Sears Hometown and Outlet Stores, Inc. Stock Units Agreement August 15, 2017

EX-10.2 3 d440395dex102.htm EX-10.2 EX-10.2

Exhibit 10.2

 

Sears Hometown and Outlet Stores, Inc.

Stock Units Agreement

August 15, 2017

This is a Stock Units Agreement between Sears Hometown and Outlet Stores, Inc. (the “Company”) and the individual who has executed this Stock Units Agreement following the words “Grant Holder’s Signature” (the “Grant Holder”). The term “this Agreement” means collectively this Stock Units Agreement and each Grant Supplement (defined in section 1 of this Agreement) relating to this Agreement.

Preliminary Statement

This Agreement is made pursuant to the Company’s Amended and Restated 2012 Stock Plan, as amended from time to time (the “Plan”). Capitalized terms used but not defined in this Agreement are defined in the Plan.

Terms and Conditions

The Company and the Grant Holder agree as follows:

1. Stock Unit Grants. This Agreement is a “Stock Agreement” referred to in Section 2.20 of the Plan. For each of the Company’s Stock Unit grants to the Grant Holder pursuant to the Plan, each of this Agreement, the Plan, and each Grant Supplement to this Agreement (which Supplement need not be signed by the Grant Holder), will govern unless the Stock Unit grant is subject to a separate stock units agreement between the Company and the Grant Holder (a “Separate Agreement”). The Company’s Stock Unit grants to the Grant Holder pursuant to the Plan, excluding those that are subject to a Separate Agreement, are together referred to in this Agreement as the “Stock Units.” The Company will evidence each grant of Stock Units to the Grant Holder by an agreement entitled “Supplement to Stock Units Agreement” to be attached to this Agreement from time to time (each a “Grant Supplement” and together the “Grant Supplements”). Grant Supplements will indicate the number of Stock Units granted to the Grant Holder and the restrictions, forfeiture conditions, and other terms that are applicable to the Stock Units granted. This Agreement governs all Stock Units granted to the Grant Holder on or after the date of this Agreement. All Grant Supplements, whenever delivered to the Grant Holder, are incorporated into and form a part of this Agreement.

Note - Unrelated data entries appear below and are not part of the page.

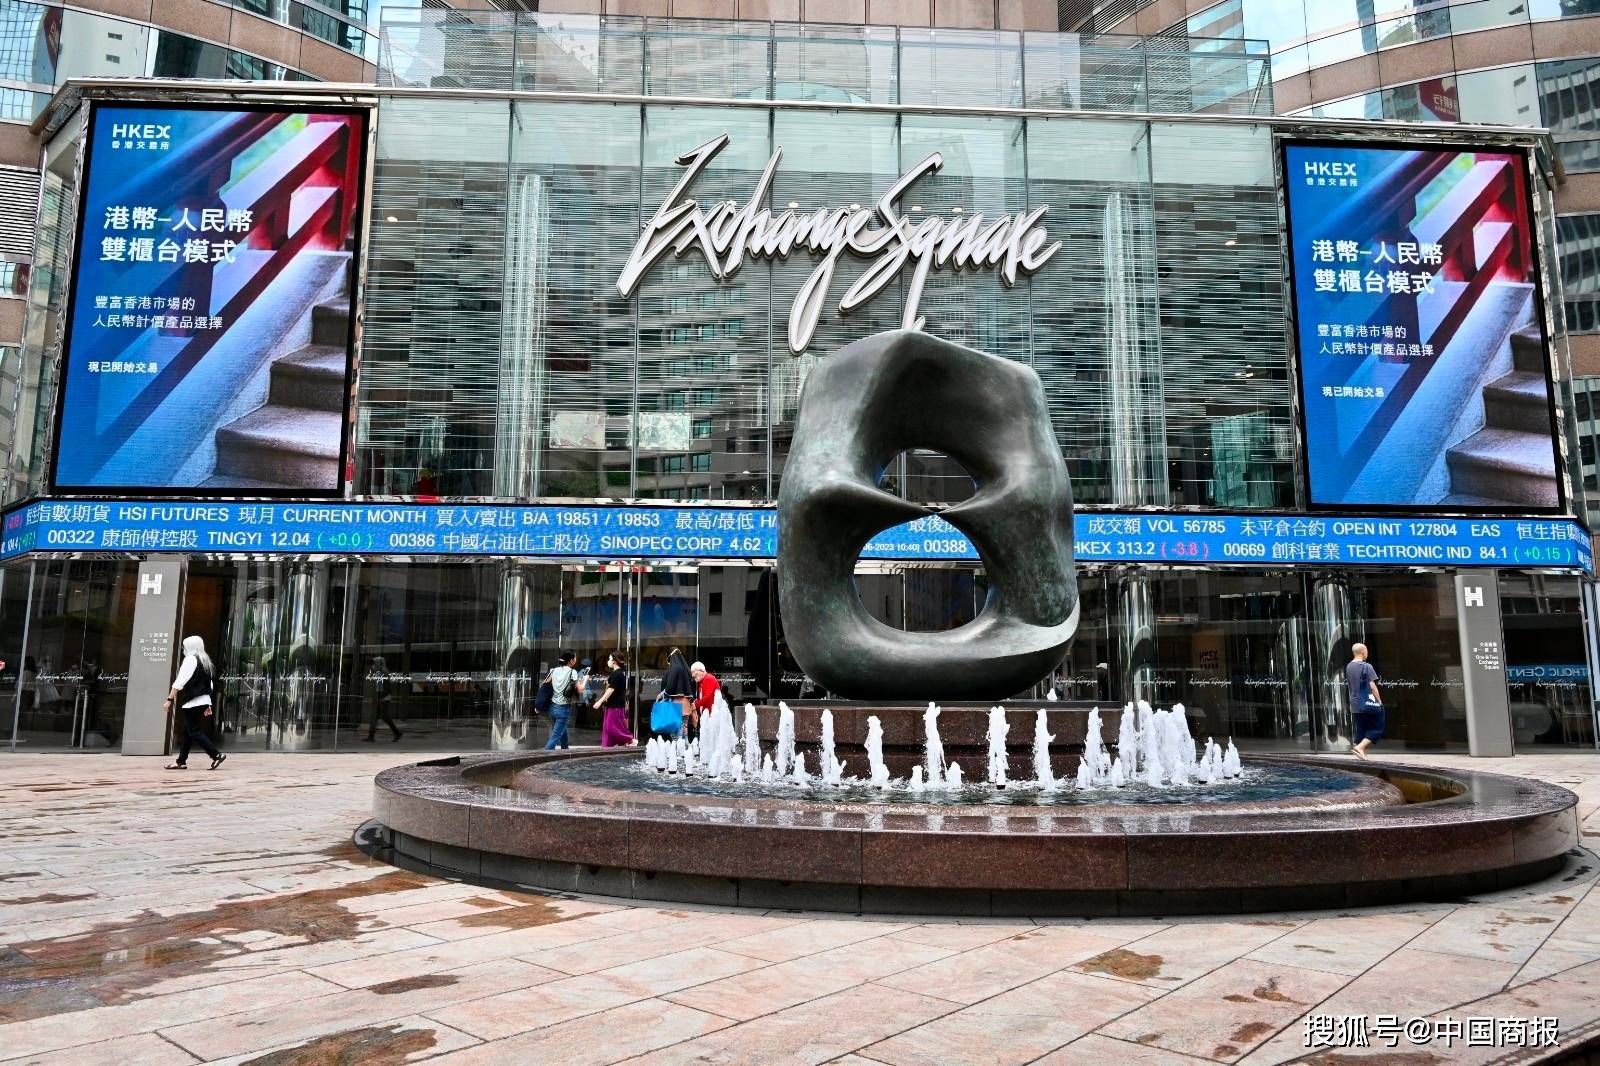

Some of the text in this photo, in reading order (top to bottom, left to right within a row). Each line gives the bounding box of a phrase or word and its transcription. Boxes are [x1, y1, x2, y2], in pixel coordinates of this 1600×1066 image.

[112, 123, 171, 139] HKEX
[111, 141, 169, 150] 香港交易所
[1304, 161, 1357, 176] HKEX
[1306, 177, 1358, 187] 香港交易所
[100, 236, 237, 263] 雙櫃台模式
[616, 133, 1063, 357] Exchange Square
[1313, 268, 1435, 295] 雙櫃台模式
[93, 295, 196, 311] 豐富香港市場的
[91, 314, 223, 330] 人民幣計價產品選擇
[1317, 324, 1407, 339] 豐富香港市場的
[1319, 341, 1434, 357] 人民幣計價產品選擇
[87, 361, 158, 374] 現已開始交易
[1321, 386, 1385, 398] 現已開始交易
[119, 507, 147, 520] HSI
[152, 507, 229, 522] FUTURES
[238, 506, 274, 525] 現月
[283, 509, 363, 523] CURRENT
[367, 509, 426, 523] MONTH
[523, 512, 549, 525] B/A
[556, 512, 599, 526] 19851
[616, 513, 660, 527] 19853
[675, 511, 754, 530] 最高/最低
[1088, 518, 1141, 535] 成交額
[1147, 519, 1178, 533] VOL
[1183, 520, 1226, 533] 56785
[1240, 519, 1325, 537] 未平倉合約
[1333, 522, 1375, 536] OPEN
[1379, 522, 1402, 536] INT
[1409, 523, 1457, 537] 127804
[1471, 524, 1501, 537] EAS
[47, 530, 95, 544] 00322
[100, 529, 199, 548] 康師傅控股
[207, 531, 262, 545] TINGYI
[271, 532, 310, 546] 12.04
[389, 533, 435, 547] 00386
[443, 532, 592, 552] 中國石油化工股份
[601, 536, 672, 550] SINOPEC
[676, 536, 722, 550] CORP
[730, 537, 761, 551] 4.62
[923, 539, 967, 553] 00388
[1117, 541, 1155, 555] 313.2
[1223, 543, 1265, 556] 00669
[1272, 542, 1340, 560] 創科實業
[1346, 544, 1443, 559] TECHTRONIC
[1446, 546, 1472, 559] IND
[1479, 546, 1507, 559] 84.1
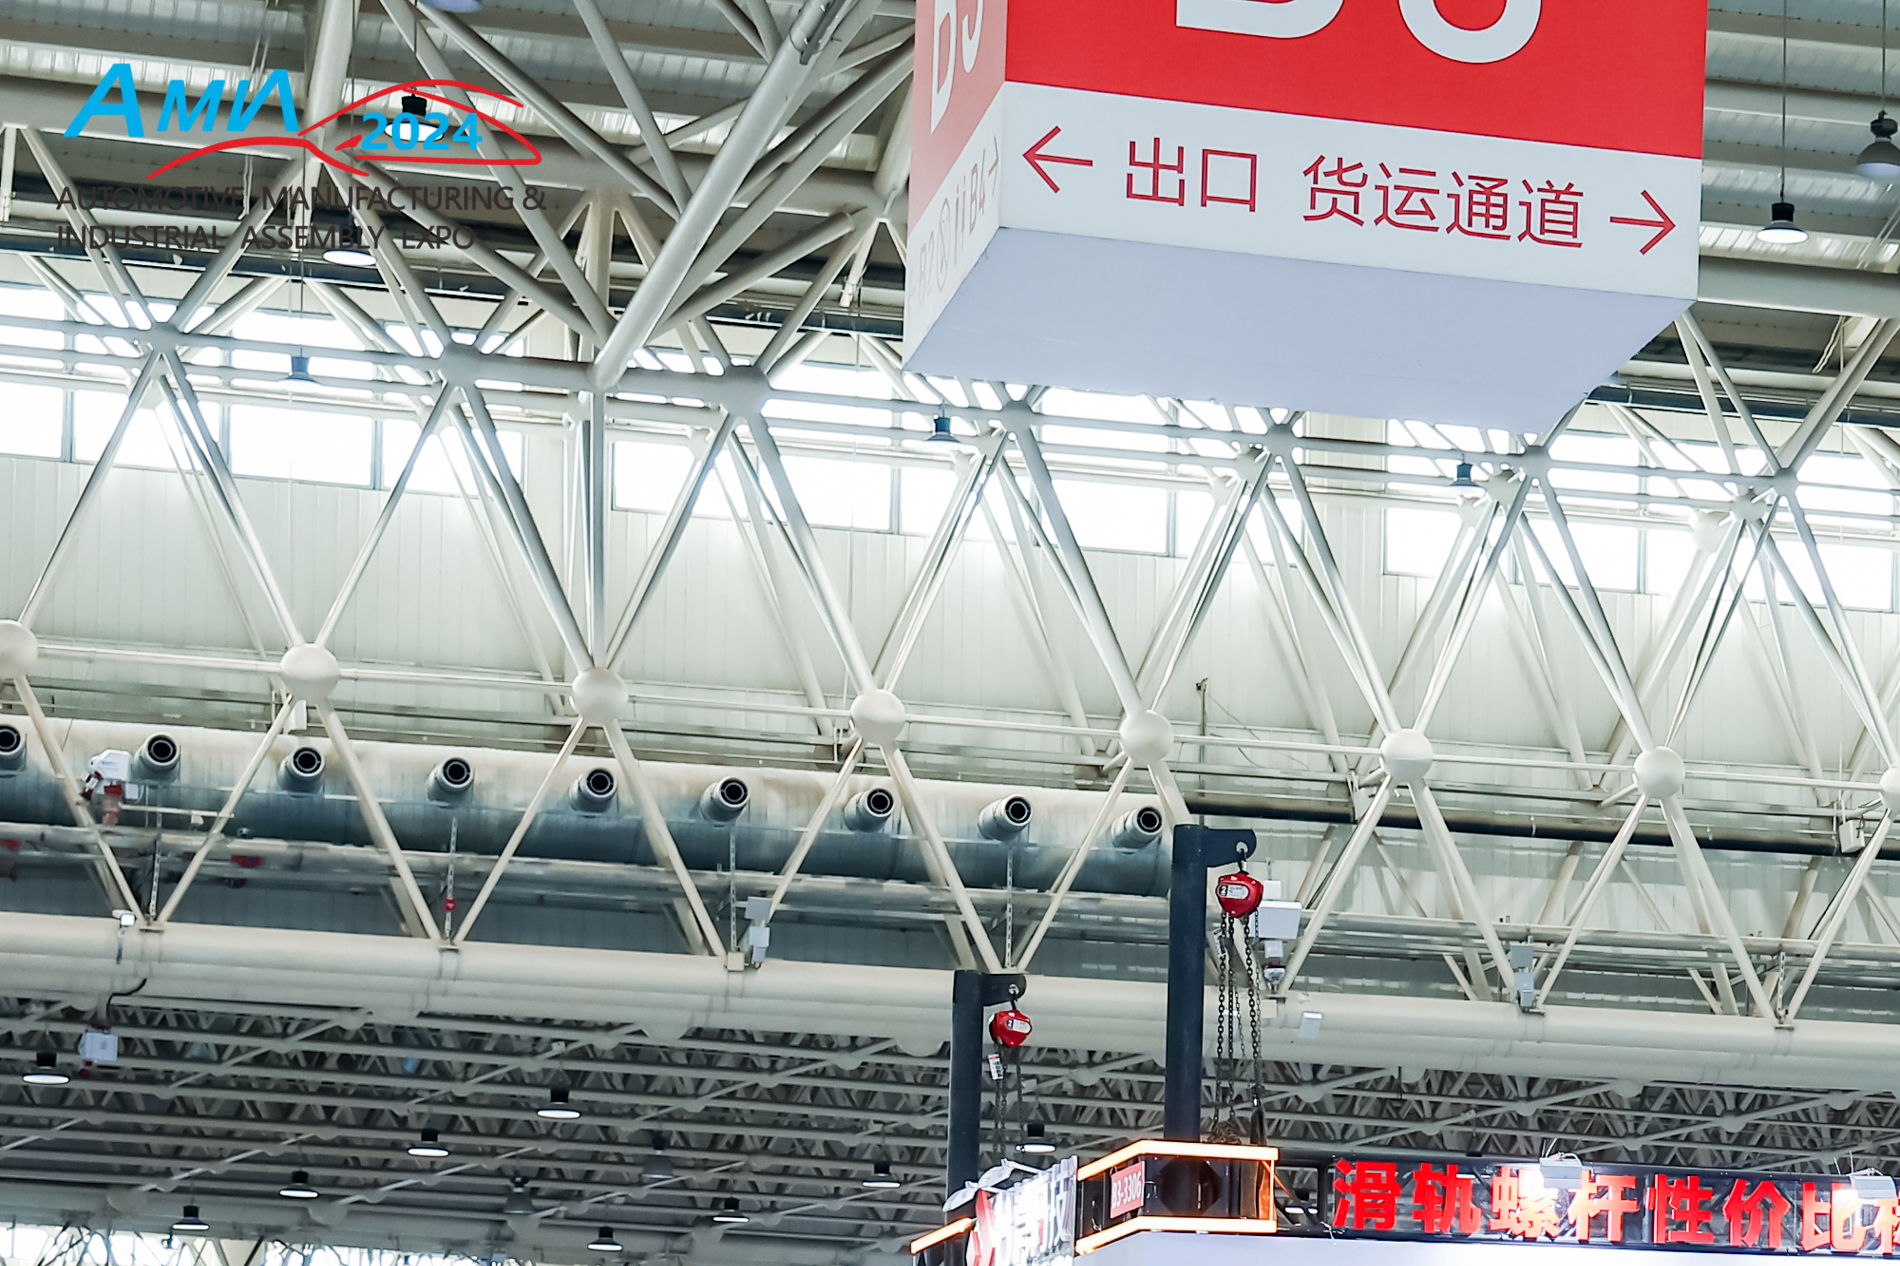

2. Restrictions; Forfeiture Conditions. Each grant of Stock Units is subject to each of the restrictions and each of the forfeiture conditions described in this Agreement and in the Grant Supplement applicable to the grant until they have been satisfied or have otherwise expired or been terminated. Failure to satisfy the forfeiture conditions by the times specified on the Grant Supplement will result in the forfeiture of the number of unvested Stock Units specified on the Grant Supplement. Unvested Stock Units may not be sold, transferred, exchanged, assigned, pledged, hypothecated, or otherwise encumbered. If the Grant Holder’s employment with the Company or its subsidiary terminates for any reason other than as provided in section 3 of this Agreement, then the Grant Holder will forfeit all of the Grant Holder’s right, title, and interest in and to the then-unvested Stock Units as of the date of employment termination, and the unvested Stock Units will revert to the Company immediately following the event of forfeiture. The Grant Holder will forfeit all unvested Stock Units if (a) in the opinion of the Committee, the Grant Holder, without the written consent of the Company, engages directly or indirectly in any manner or capacity as principal, agent, partner, officer, director, employee, or otherwise, in any business or activity competitive with the business conducted by the Company or any of its subsidiaries or (b) the Grant Holder performs any act or engages in any activity or conduct that in the opinion of the Chief Executive Officer of the Company or the Committee is inimical to the best interests of the Company. The restrictions and forfeiture conditions imposed by this section 2 will apply to all cash and other consideration received by the Grant Holder with respect to the Stock Units in connection with mergers, reorganizations, consolidations, recapitalizations, stock dividends, and other changes in corporate structure affecting the common stock of the Company.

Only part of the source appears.